Most organizations use meetings in the course of their work, and these meetings can be successful or unsuccessful, depending on whether they are managed properly. Managers must learn to properly organize and conduct meetings to contribute to organizational effectiveness. There are several important principles to meeting management: determining situations that require a meeting, understanding types of meetings, planning a meeting, running a meeting, closing the meeting, and managing people after the meeting.
Before calling a meeting, it is important to know if one is needed. Some situations benefit from having a meeting, and in other situations, one is unnecessary. There are some common situations in which a meeting is needed.
First, you are likely to need to meet if you are managing a project. Because projects involve multiple people and a lot of information, you will likely need to meet with individuals at various stages: at the beginning of the project, throughout the project, and at the end of the project. Meetings may change in terms of content and frequency, depending on the stage of the project.

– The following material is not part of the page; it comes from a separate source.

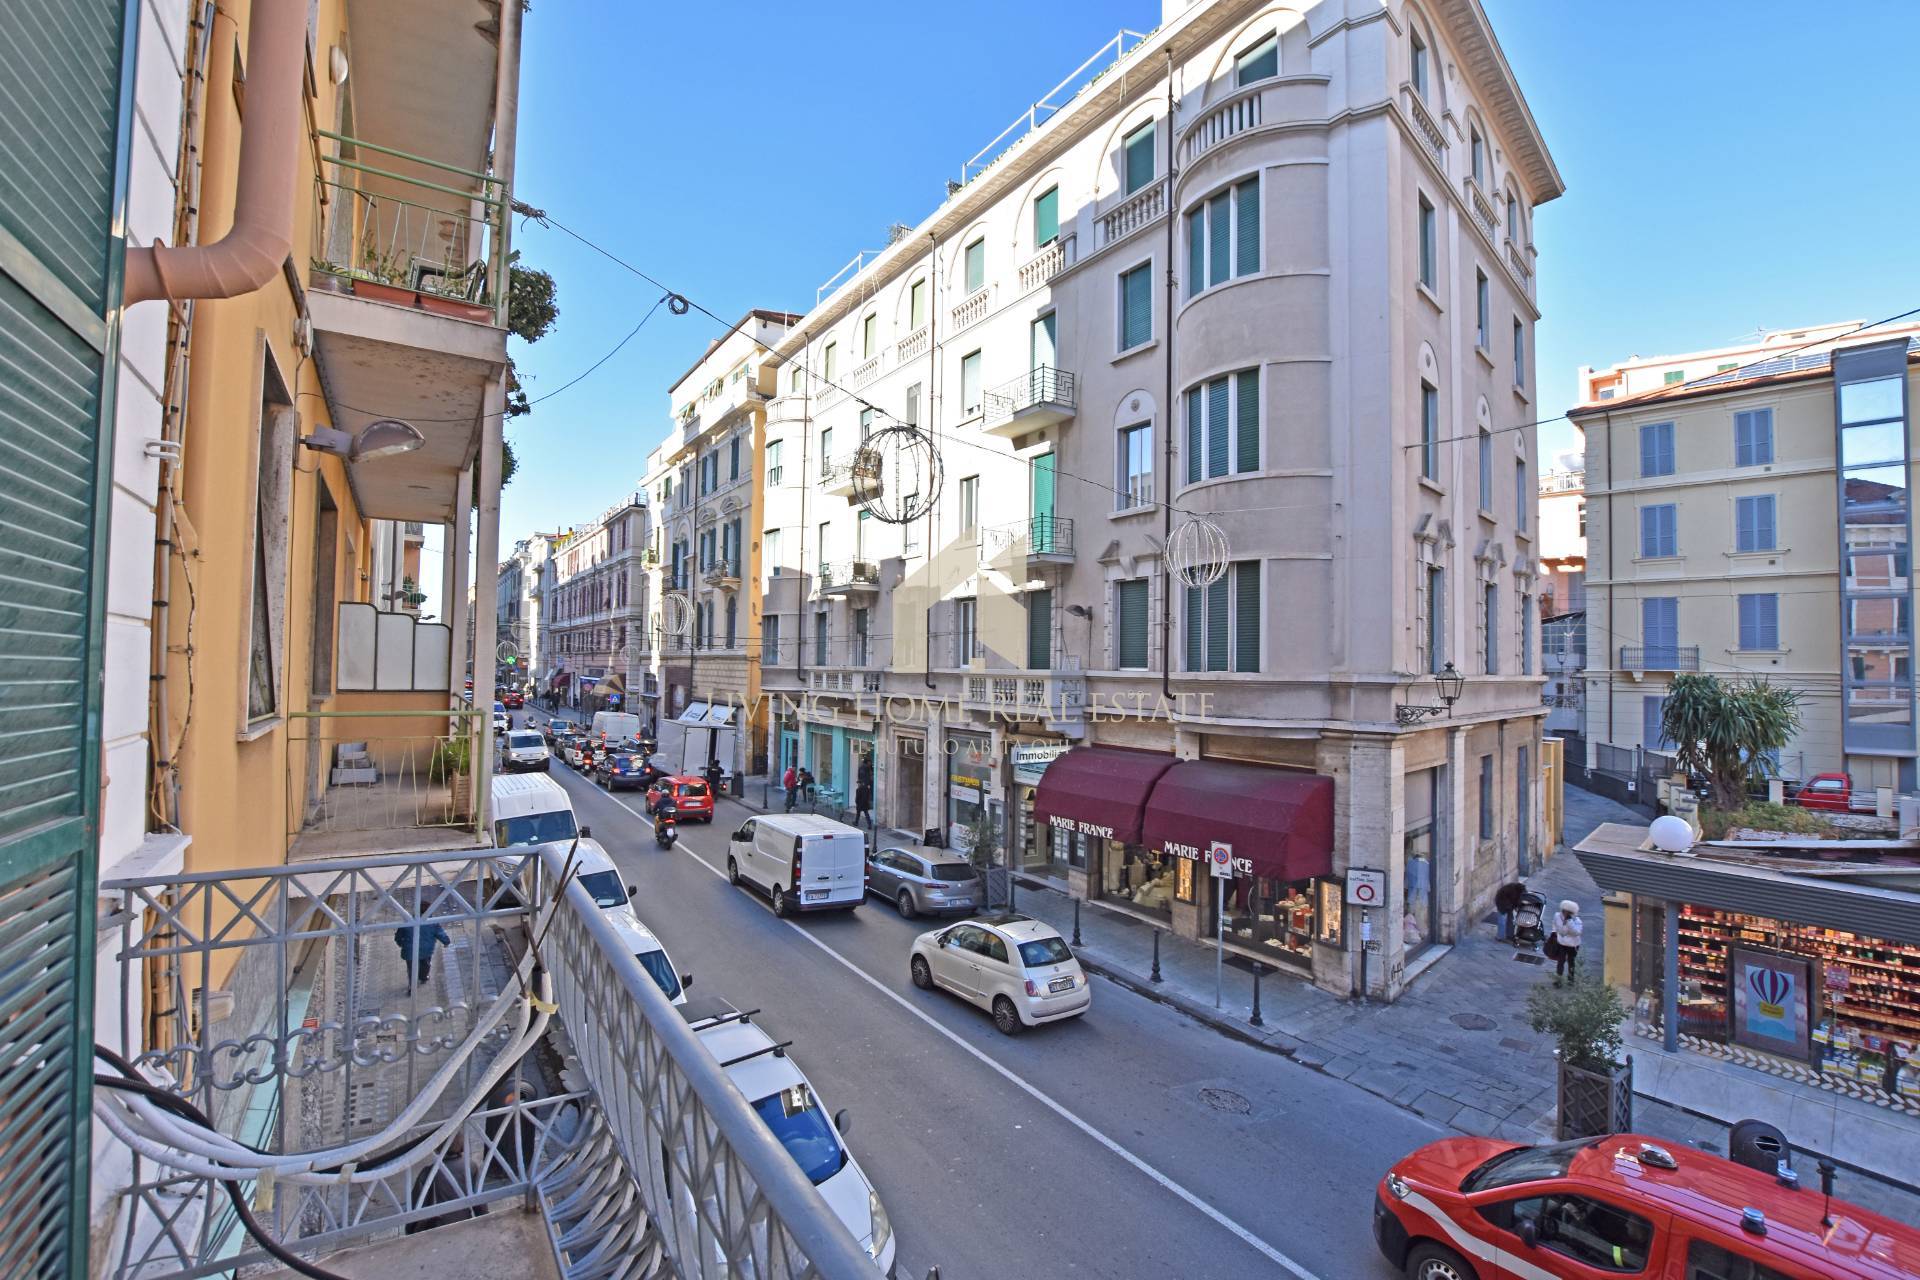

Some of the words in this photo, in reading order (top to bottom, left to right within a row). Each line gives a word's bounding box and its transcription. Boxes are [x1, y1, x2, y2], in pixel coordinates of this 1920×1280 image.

[1049, 815, 1075, 831] MARIE
[1079, 822, 1113, 840] FRANCE
[1164, 840, 1199, 861] MARIE
[1204, 849, 1253, 874] FNCE

A second reason that a meeting is often called is when a supervisor needs to manage people. Managers need to meet with staff as a group or one-on-one to direct employees effectively. Typically, meetings to manage people are held at regular intervals.
A third reason to meet is when a manager must interact with a client. Client relationships may require meetings to pitch ideas, update the client on progress, or present a completed product or service.

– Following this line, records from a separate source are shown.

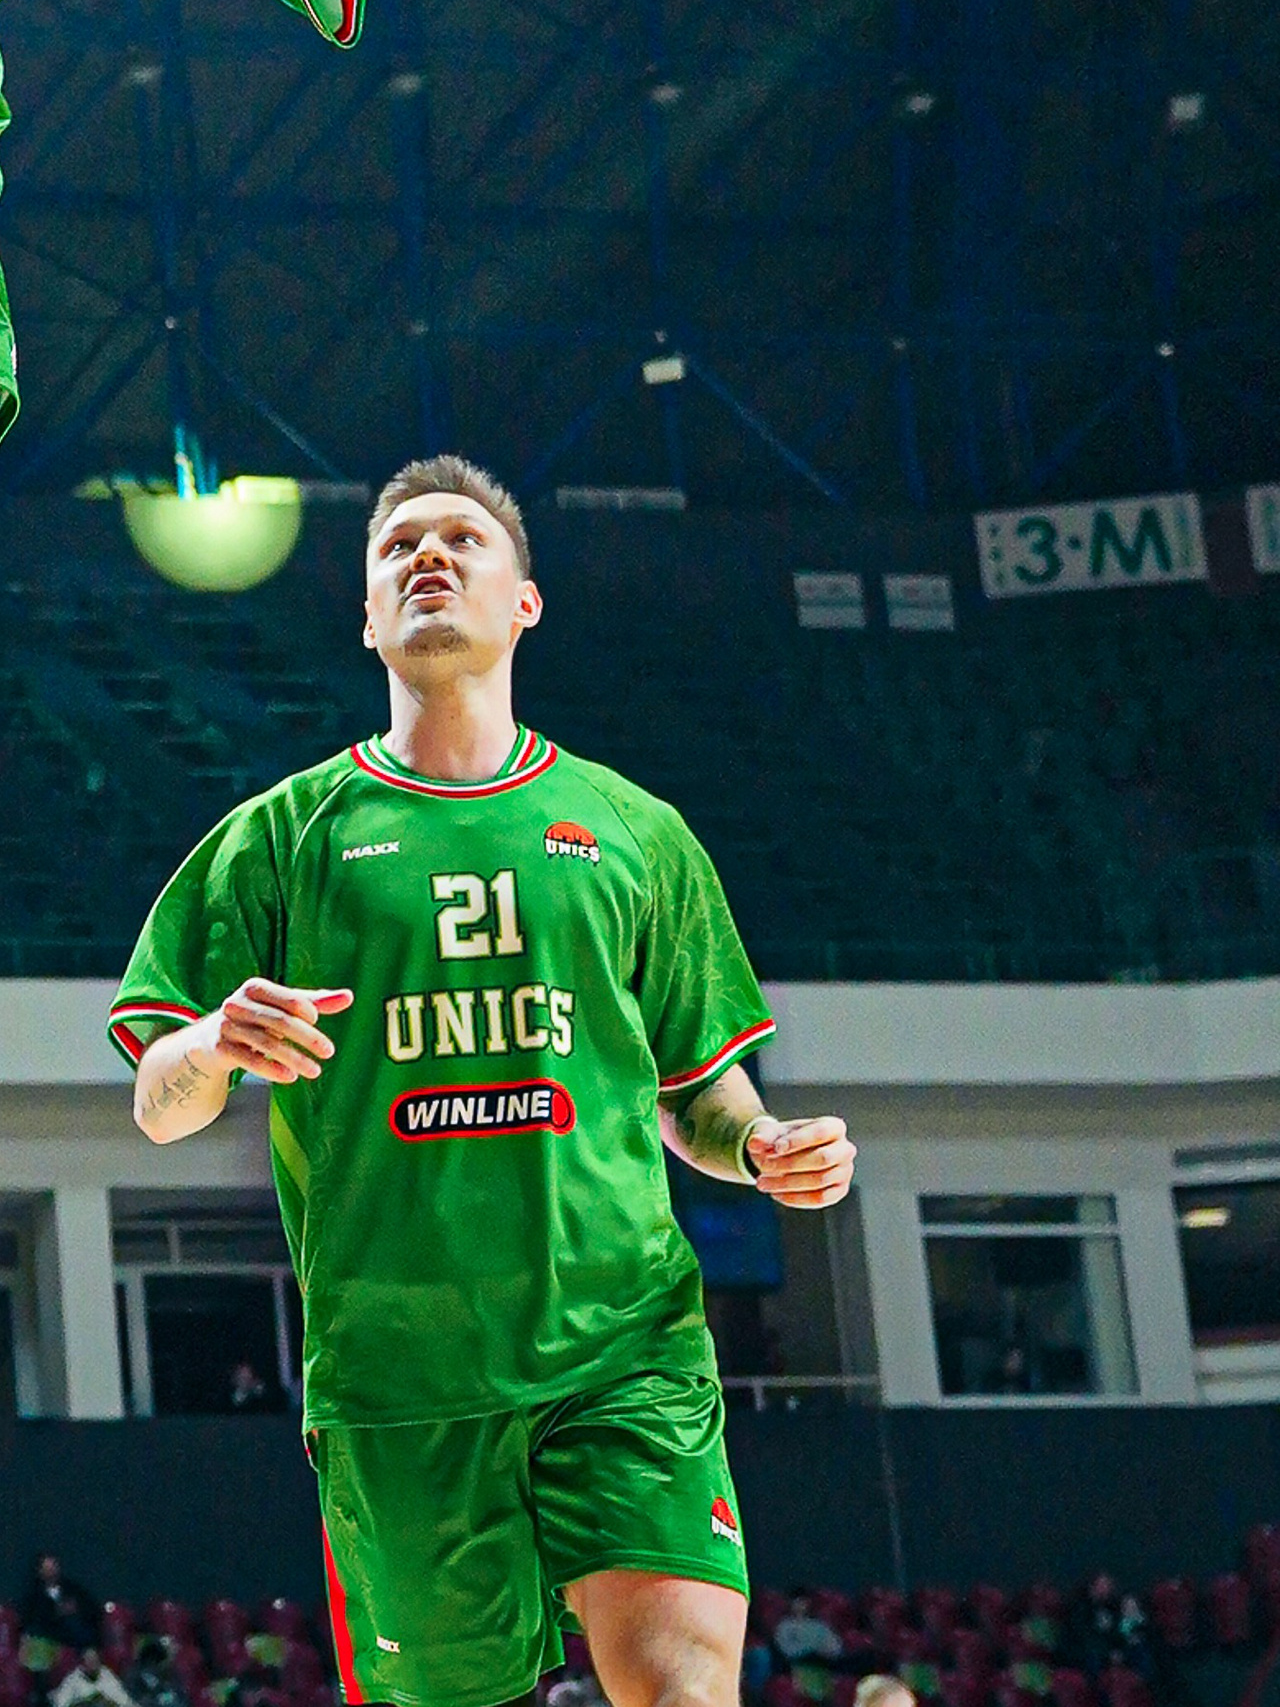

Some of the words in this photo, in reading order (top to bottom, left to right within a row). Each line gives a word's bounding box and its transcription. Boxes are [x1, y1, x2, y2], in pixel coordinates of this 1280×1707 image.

[341, 841, 401, 862] MAXX
[545, 839, 601, 863] UNICS
[429, 869, 524, 960] 21
[385, 982, 575, 1063] UNICS
[406, 1090, 552, 1131] WINLINE

A fourth situation in which a meeting is preferable is when written communication, such as interoffice memos or email, is burdensome. If issues are too complex for memos or email, a meeting may be a more efficient way to communicate.
Finally, managers may call meetings to address workplace problems. If a project is on the wrong course, or if there are interpersonal problems, a meeting may be the best way to address such problems.
While a meeting is often the best way to accomplish work objectives, there are times in which a meeting is simply a waste of people's time. There may be situations in which bringing a large group together to address an issue may only cause confusion or conflict. Additionally, there are some tasks that may be accomplished more easily and quickly, but just as effectively, by a smaller group (subcommittee) or an individual, then presented to the larger group for approval. Thus, while meetings can be very useful in the workplace, managers should take care to determine whether they are truly necessary.
The reasons for calling the meeting should help to determine how the meeting should be formatted, or whether a meeting is really necessary. The length and formality of a meeting will differ depending on what type of meeting it is. There are six basic types of meeting: standing meeting, topical meeting, presentation, conference, emergency meeting, and seminar.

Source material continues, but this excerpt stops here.